> _The problem_
Word for word, copy the data that follows and skip its pictures.

> _Source material_

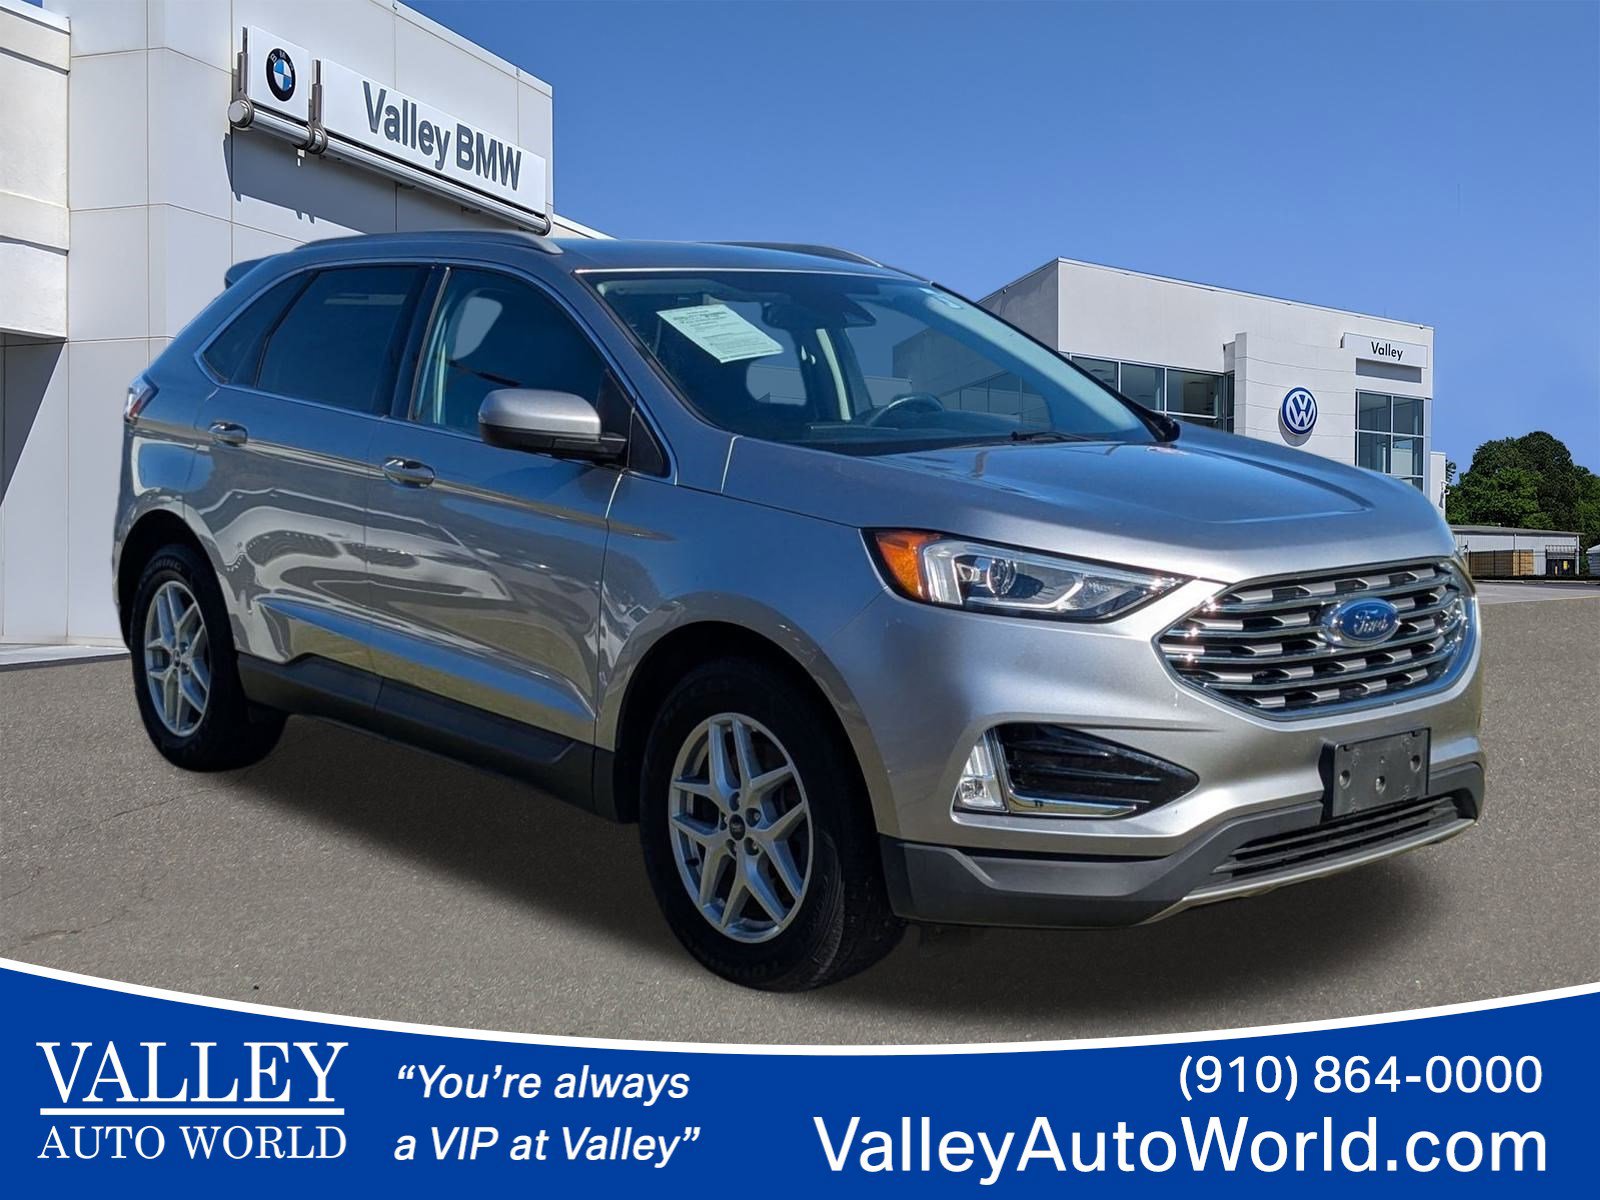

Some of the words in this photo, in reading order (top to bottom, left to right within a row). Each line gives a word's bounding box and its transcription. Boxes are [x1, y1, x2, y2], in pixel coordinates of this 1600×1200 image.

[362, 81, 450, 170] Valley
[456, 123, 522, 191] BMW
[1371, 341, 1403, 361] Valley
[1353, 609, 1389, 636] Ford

> _Problem solution_
Some of the words in this photo, in reading order (top to bottom, left to right within a row). Each line gives a word's bounding box and its transcription. Boxes are [x1, y1, x2, y2], in pixel coordinates of this 1600×1200 image.

[362, 81, 450, 170] Valley
[456, 123, 522, 191] BMW
[1371, 341, 1403, 361] Valley
[1353, 609, 1389, 636] Ford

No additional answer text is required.